In the present experiment, using the same media, four different and common plant species of Typha latifolia L., Typha angustifolia L. (Typhaceae), Juncus gerardii Loisel. subsp. gerardii (Juncaceae), and Carex divisa HUDSON (Cyperaceae) were tested as plant vegetation in designing constructed microcosm wetland modules combined with microbial fuel cell devices (CW-MFC), and effect of these different vegetation on pollutant treatment process and bioelectric production in the CW-MFC were studied in terms of the eco-technological perspective.

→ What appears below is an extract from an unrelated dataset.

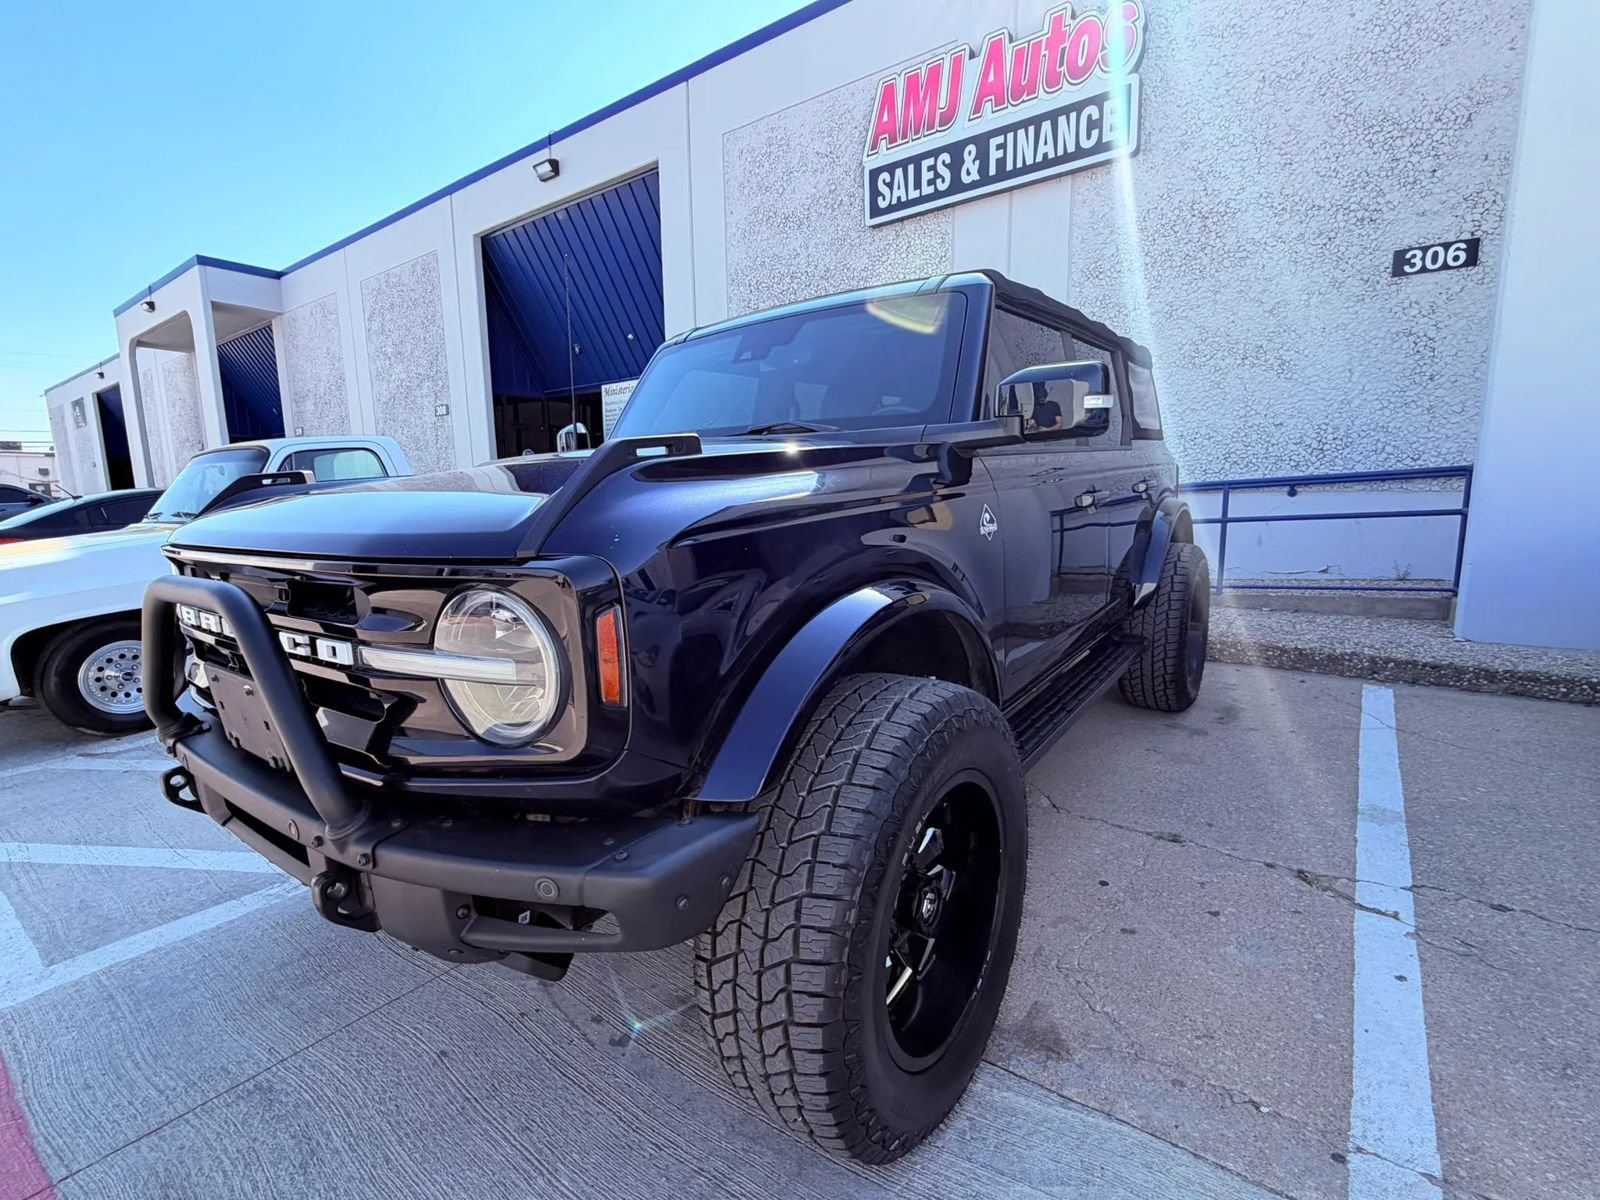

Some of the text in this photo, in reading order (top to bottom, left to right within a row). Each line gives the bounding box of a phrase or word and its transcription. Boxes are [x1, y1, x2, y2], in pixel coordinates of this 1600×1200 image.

[867, 2, 1139, 157] AMJ Autos
[876, 96, 1121, 210] SALES & FINANCE
[1403, 242, 1468, 273] 306
[179, 603, 354, 666] BRCO

As mentioned above, the objectives of the present experiment are the following: (1) to test the feasibility and efficacy of microcosm scale CW-MFC modules with vegetation to remediate wastewater and produce bioelectric simultaneously; (2) to investigate the effect of vegetation type and different plant species on treatment performance and bioelectric production. In this case, a well-designed CW-MFC may combine with the best vegetation structure in order to obtain higher wastewater treatment performance and generate higher bioelectric production; (3) to examine and compare wastewater removal and bioelectric production in vegetated and unplanted wetland modules. (4) To assess the effect of vegetation on some important soil enzyme activities (dehydrogenase, urease, and phosphatase) while remediating wastewater process and generating bioelectric.

Material and methods

Microcosm module design

The study was performed in Anadolu University, Department of Biology, Eskişehir, Turkey. The climate of the research site is semi-arid Mediterranean that is characterized by mean annual precipitation of 373.8 mm, average temperature 10.8 °C.

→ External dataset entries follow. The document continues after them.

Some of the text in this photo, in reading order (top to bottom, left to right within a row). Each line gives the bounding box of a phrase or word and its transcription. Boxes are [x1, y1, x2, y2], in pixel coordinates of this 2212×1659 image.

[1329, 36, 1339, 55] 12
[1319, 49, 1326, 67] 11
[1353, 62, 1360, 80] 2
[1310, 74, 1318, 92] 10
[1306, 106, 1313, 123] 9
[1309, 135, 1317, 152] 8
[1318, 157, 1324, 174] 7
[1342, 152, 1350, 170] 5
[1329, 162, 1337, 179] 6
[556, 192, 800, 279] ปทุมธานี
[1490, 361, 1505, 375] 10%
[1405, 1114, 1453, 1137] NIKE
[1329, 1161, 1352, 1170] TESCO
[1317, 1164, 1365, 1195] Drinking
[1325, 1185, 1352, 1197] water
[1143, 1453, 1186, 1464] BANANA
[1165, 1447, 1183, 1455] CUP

Ten parallel constructed microcosm wetland (CW-MFC) modules (identified as M₁, M₂, M₃, M₄, and M₅) were fabricated and designed using polyester chambers with 45 cm length, 45 cm width, 40 cm depth, and 0.2 m² total surface area for each module. The CW-MFC modules were placed outside and divided into five groups (with two replicate) employing either T. latifolia (M₁), T. angustifolia (M₂), J. gerardii (M₃), C. divisa (M₄), or unplanted control (M₅) according to the presence of main vegetation in their matrix. Selected macrophytes were collected from natural wetlands in Eskişehir, and the rhizomes were immediately transplanted in the related modules at a plant density of about 10 rhizomes/m². In the present experiment, coarse sand was selected as the filtration media for the modules, and 5 cm of gravel (Ø 50–80 mm) was placed on the filtration media and effluent section of modules. Moreover, each CW-MFC module had a 5-cm deep inlet section of 5–8 mm gravel at its base.

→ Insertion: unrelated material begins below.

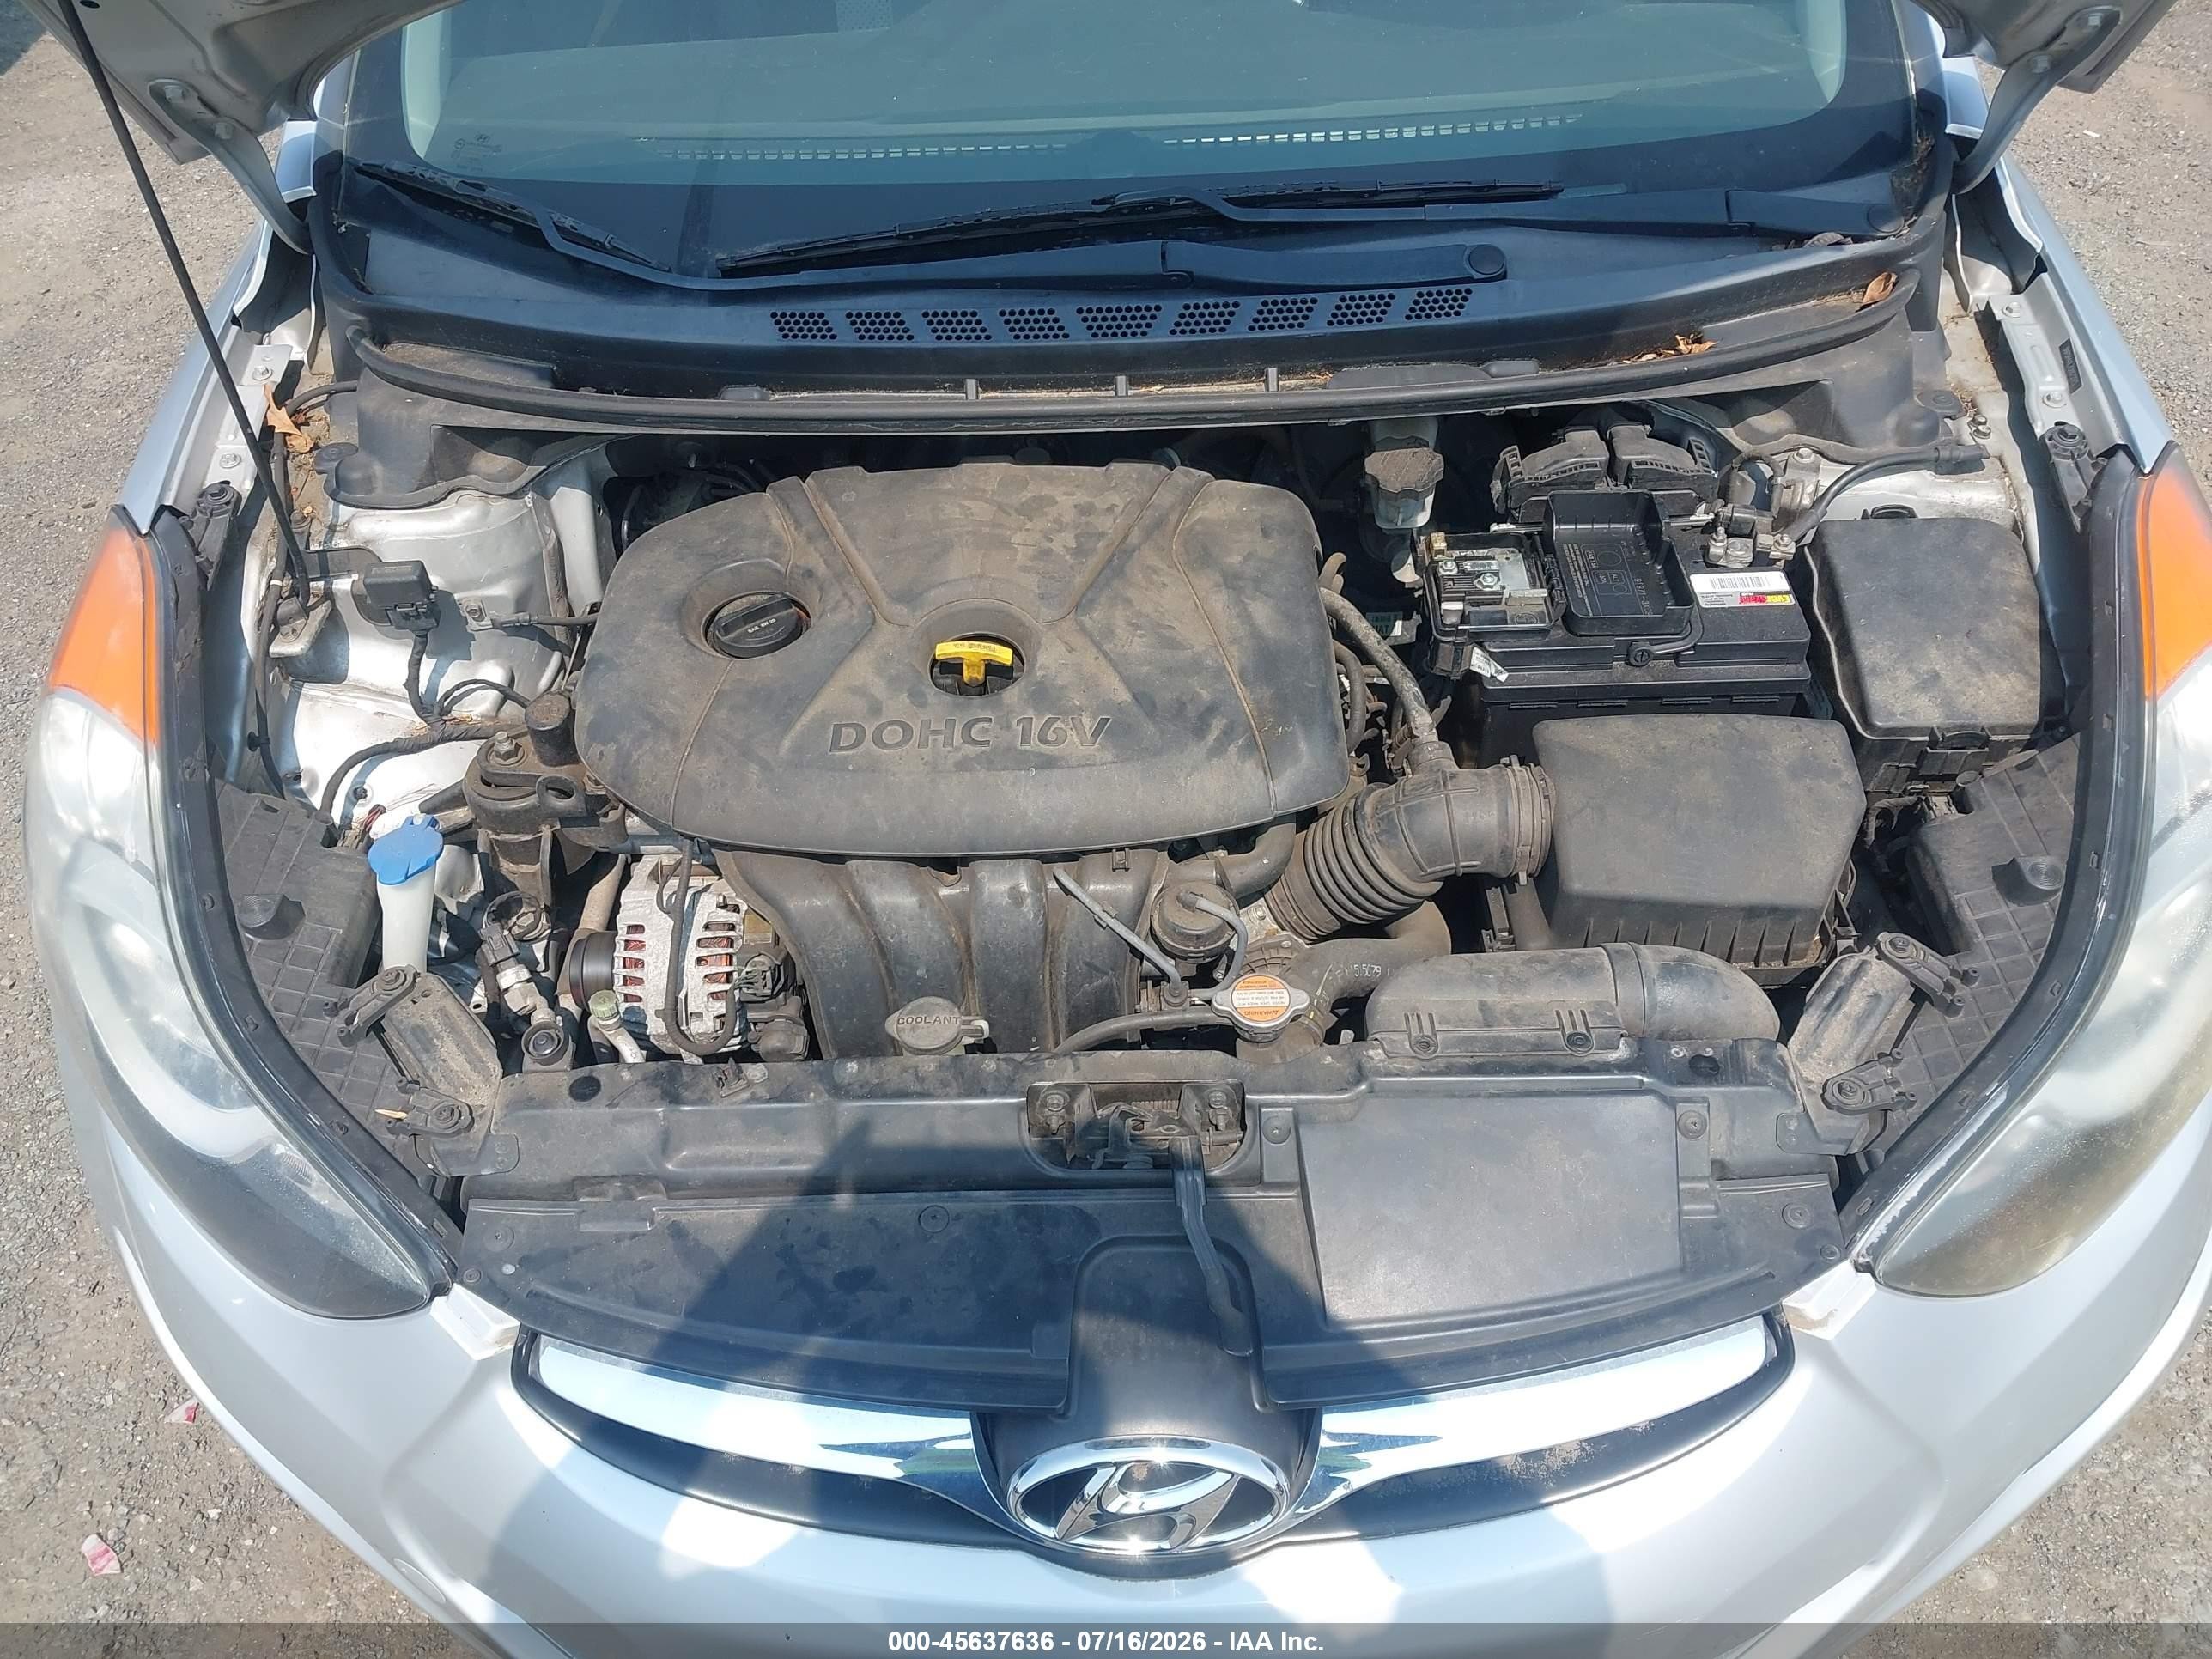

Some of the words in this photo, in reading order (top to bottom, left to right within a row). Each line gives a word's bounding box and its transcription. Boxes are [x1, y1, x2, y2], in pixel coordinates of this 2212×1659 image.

A horizontal rectangular (2 × 8 cm and 1 cm thickness) magnesium cathode (C) was selected due to high electrical conductivity and it was located 5 cm below the system surface for each CW-MFC module (Yadav et al. 2012). Furthermore, a graphite-based anode (A₁) (2 × 8 cm and 0.5 cm thickness, 32 cm² total surface area) was also placed into filtration media, 20 cm above of the each CW-MFC module. A glass wool layer (0.01 cm thickness) was located in the each CW-MFC module in order to separate the cathode and anode compartments. In this case, we believed that the separation of cathode and anode chambers in each CW-MFC module was to facilitate the magnesium and graphite electrodes separation being brought to a minimum operational risk of these electrodes coming into contact in MFC devices in the modules (Doherty et al. 2015b). Finally, the cathode and anode were connected with insulated copper wires across a 1000 Ω (Fig. 1).

Culture period, wastewater dosage, and operation of wetland modules

The CW-MFC modules were fed with mixture of Hoagland medium and sludge which was collected from a treatment plant for domestic wastewater for 75 days in order to support the vegetation growth and establish microorganisms (Oon et al. 2015). In this case, the opinion is to this composition of mixing sludge contains both essential minerals such as Ca, Mg, Na, K, N, P, and various micro elements for plants and active associated microorganisms which are related to bioelectric production. Besides, anode of each CW-MFC modules was inoculated with the sludge for a period of 1 month prior to experimental start up.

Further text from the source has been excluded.